6)水素供給源からペットボトルキャップを離し、ペットボトルがパンパンになっていることを確認した上で、10?15秒程度、しっかり振ってください。
・・・
7)キャップを外し、すぐにお飲みください。一度キャップを緩めると、溶存水素量は時間と共に低下致しますので、早めにお飲みください。またキャップを締めていても、徐々に水素は抜けていきます。
・・・
8)ご使用後は、キャップのペットボトル側を良く水ですすいだ後、風通しの良い場所で十分に乾燥させてください。
*ハイドロポッド10Lを水素供給源として使用する場合、連続して水素充填を行うと、圧力が低下し溶存水素量も低下する場合があります。十分な間隔をおいて充填を行ってください。また水素の消費に伴い、圧力が低下し、溶存水素量も低下しますので、溶存水素量を正確に管理したい場合は、別売りのデジタル圧力計を使用し、充填前に圧力を確認するようお願いします。」(第2?4頁)

エ 第9号証の記載事項
甲第9号証には、「イ号写真」として、次の写真が記載されている。
「写真4



オ 甲第13号証の記載事項
甲第13号証には、「ハイドロポッド 10L」の取扱いに関して、次の事項が記載されている。
(ア)「2.各部の名称
各部の名称は以下の通りです。

」(第3頁)
(イ)「5.製品について
本製品は、燃料電池自動車(FCV)などに搭載される水素タンクの水素貯蔵技術を応用した製品です。一般的なガスボンベの内部が空洞であるのに対し、本製品の内部は水素吸蔵合金と呼ばれる特殊な金属で満たされており、この金属が水素化物として水素を捕捉します。一般的なガスボンベが、"高圧圧縮充填されたガスが勢いよく噴き出す"のに対し、金属に内包された水素が徐々に染み出すというイメージです。」(第7頁)

(3)イ号方法及びイ号物品の認定
ア 甲第5号証には、上記(2)イ(エ)のとおり、「HYDROPOD set」が「ハイドロポッド(純水素充填10L)」、「吸入器」、「ミスト」、「CAP」のセットであることが記載されている。そして、甲第4号証の1の上記(2)ア(ア)及び(イ)の記載を踏まえると、「ハイドロポッド(純水素充填10L)」、「吸入器」、「ミスト」、「CAP」は、それぞれ、「ハイドロポッド10L」、「ハイドロインへラー(吸入器)」、「ハイドロミスト(スプレー)」、「ハイドロキャップ(水素水)」であるといえるから、「ハイドロポッド セット(英字訳:HYDROPOD Set)」は、ハイドロポッド10L、ハイドロミスト、ハイドロキャップ、ハイドロインへラーを備えるものといえる。
そして、甲第7号証には、上記(2)ウ(ア)及び(イ)のとおり、「ハイドロ キャップ」の「使用方法」に関して、ペットボトル内の水に水素を充填することが記載されているし、また、甲第4号証の1には、「ハイドロキャップ(水素水)」(上記(2)ア(ア))と記載され、甲第5号証には、「水素水専用キャップ」(上記(2)イ(ウ))と記載されていることから、イ号方法の「ハイドロポッド セット」の使用方法は、ハイドロポッドセットを用いた水素水入りのペットボトルを形成する方法といえる。

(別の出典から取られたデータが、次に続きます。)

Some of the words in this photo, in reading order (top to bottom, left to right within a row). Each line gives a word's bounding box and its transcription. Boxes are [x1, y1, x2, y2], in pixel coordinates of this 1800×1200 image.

イ 甲第7号証には、「<1>炭酸飲料用の250ml程度の小サイズのペットボトル」を準備すること(上記(2)ウ(ア))や、「市販の状態から一口か二口飲んだ状態」にして、「ハイドロキャップを軽く締めて取り付け」ること(上記(2)ウ(イ))が記載されているから、イ号方法では、市販のペットボトルを使用しているといえる。
そして、市販のペットボトルは、その先端部にねじ係合形態の蓋体を備えており、ハイドロキャップを取り付ける前に蓋体を取り外す必要があることは明らかである。

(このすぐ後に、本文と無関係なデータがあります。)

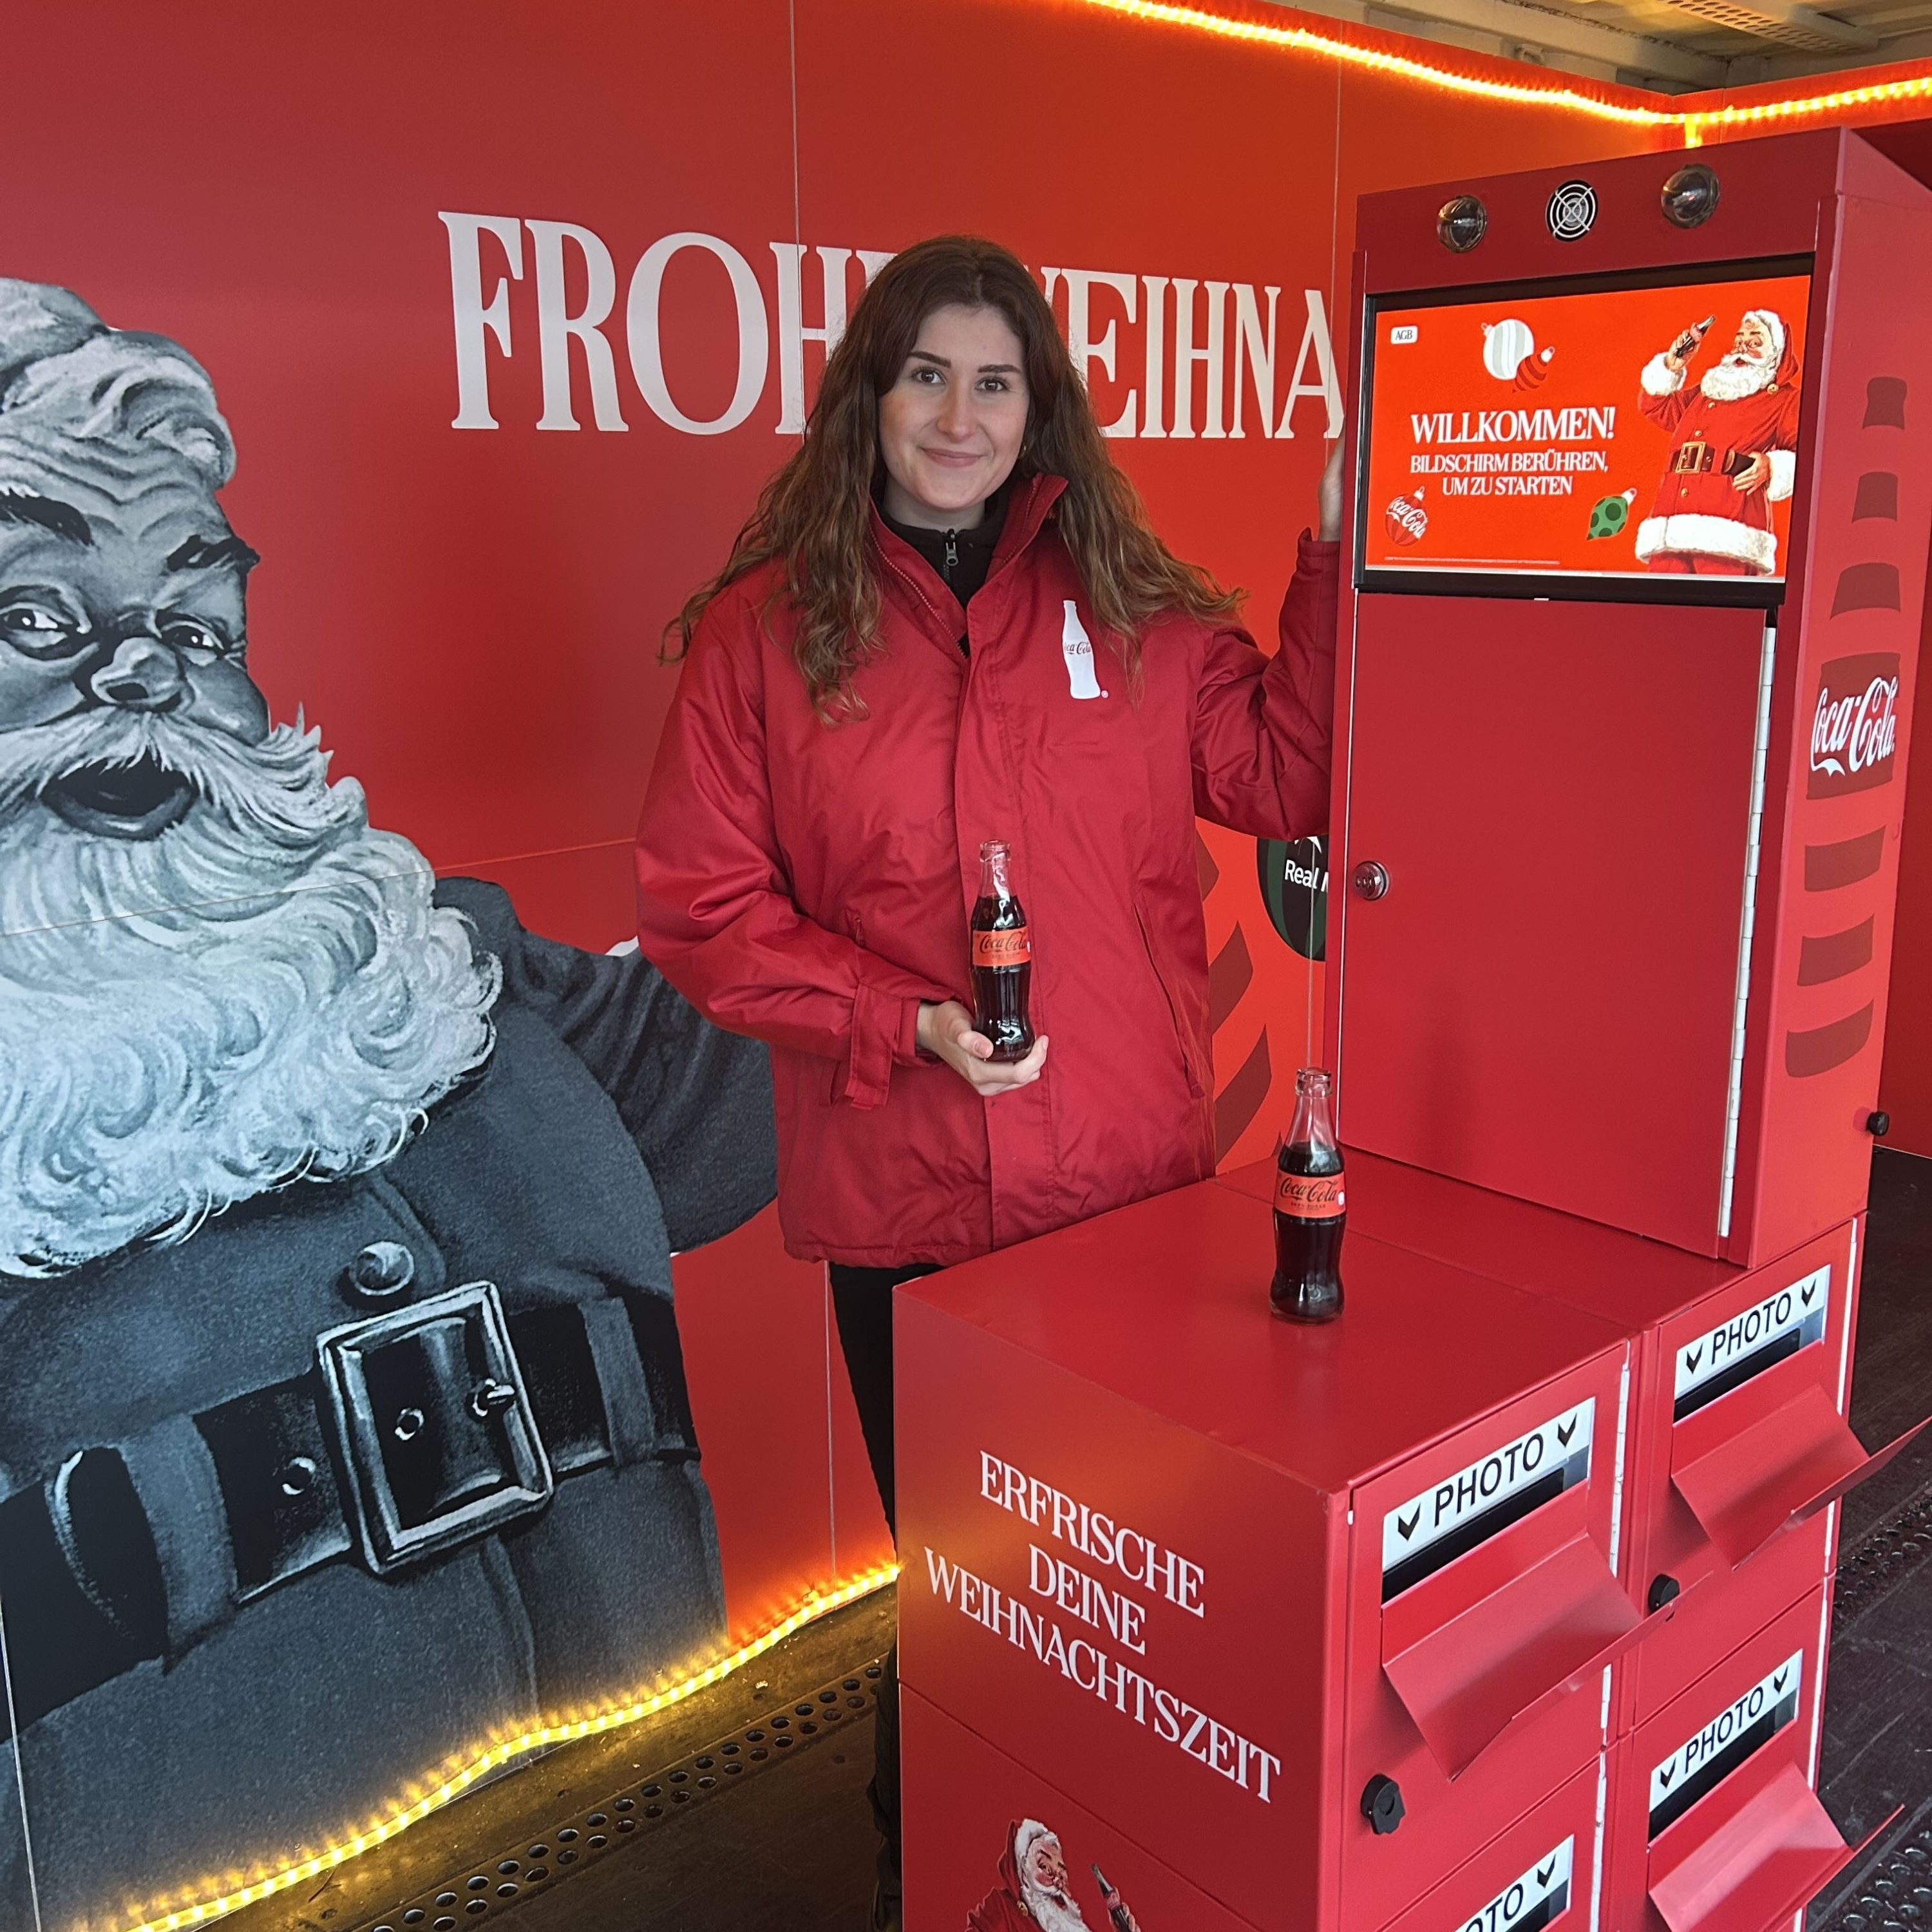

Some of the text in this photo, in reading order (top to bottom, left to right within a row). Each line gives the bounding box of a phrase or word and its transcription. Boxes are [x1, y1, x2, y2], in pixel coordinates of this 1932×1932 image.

ウ 甲第7号証には、上記(2)ウ(ア)によれば、ペットボトルを準備するとともに、ハイドロキャップ及びハイドロポッドを準備することが記載されている。また、甲第7号証には、上記(2)ウ(イ)によれば、ペットボトルの内部に空気が残留しないようにハイドロキャップを締めて取り付けること、その後に、水素供給源であるハイドロポッド10Lのアダプター部にハイドロキャップを押し込むことで水素ガスを充填すること、充填時の向きや姿勢は任意であること、及び、水素充填後に水素供給源(ハイドロポッド10L)からハイドロキャップを離してから、ペットボトルを振ることが記載されているし、さらに、水素充填時の向きや姿勢を示す写真(上記(2)ウ(イ))からは、ハイドロキャップが取り付けられたペットボトルを倒立逆回転させて、水素供給源に押し込むことが見て取れる。
また、甲第5号証の上記(2)イ(イ)の記載、及び、甲第13号証の上記(2)オ(ア)及び(イ)の記載によれば、ハイドロポッド10Lは、内部に水素吸蔵合金を備え、水素吸蔵合金から染み出した水素を取り出すためのアダプターを備えていることが記載されている。
さらに、甲第9号証の写真4(上記(2)エ参照)から、ハイドロキャップは、キャップ本体とオスアダプターを備え、キャップ本体の内側には、ネジ部が形成されていることが見て取れる。

エ 上記ア?ウでの検討を踏まえると、イ号方法の「ハイドロポッド セット」の使用方法、及び、イ号物品の「ハイドロポッド セット」は次のとおりのものであると認める。
なお、a?f、iは、イ号方法を本件特許発明1及び2に対応するように分説し、各分説に付した記号であり、また、j?lは、イ号物品を本件特許発明3に対応するように分説し、各分説に付した記号であり、それぞれ「構成a」などという。

(イ号方法)
a ペットボトルに、先端部にねじ係合形態の蓋体を備えた、市販されているペットボトルを使用し、
b 内部に水素吸蔵合金を備え、該水素吸蔵合金から染み出した水素ガスを取り出すためのメスアダプターを備えているハイドロポッド10L、及び、前記ペットボトルの内部に水素ガスを導入するためオスアダプターを備えているハイドロキャップを準備し、
c 市販されているペットボトルに備えられた蓋体が、人為的にねじ係合形態が解除されて取り外され、
d 前記ハイドロキャップは、キャップ本体の内面にネジ部を備え、
e 前記ペットボトルの先端部の蓋体が取り外されたねじ部に、前記キャップ本体の前記ネジ部を締めて、前記ペットボトルに前記ハイドロキャップを取り付け、
f 前記ハイドロキャップが取り付けられたペットボトルを倒立逆回転させ、前記ハイドロポッド10Lの前記メスアダプターに、前記ペットボトルキャップの前記オスアダプターを押し込むことで、前記ペットボトルの内部に収容された水に、ハイドロポッド10L内部の該水素吸蔵合金から染み出した水素ガスを充填させ、
i 水素充填後に、前記ハイドロポッド10Lから前記ハイドロキャップを離してから、ペットボトルを振る
g ハイドロポッドセットを用いた水素水入りペットボトルの形成方法。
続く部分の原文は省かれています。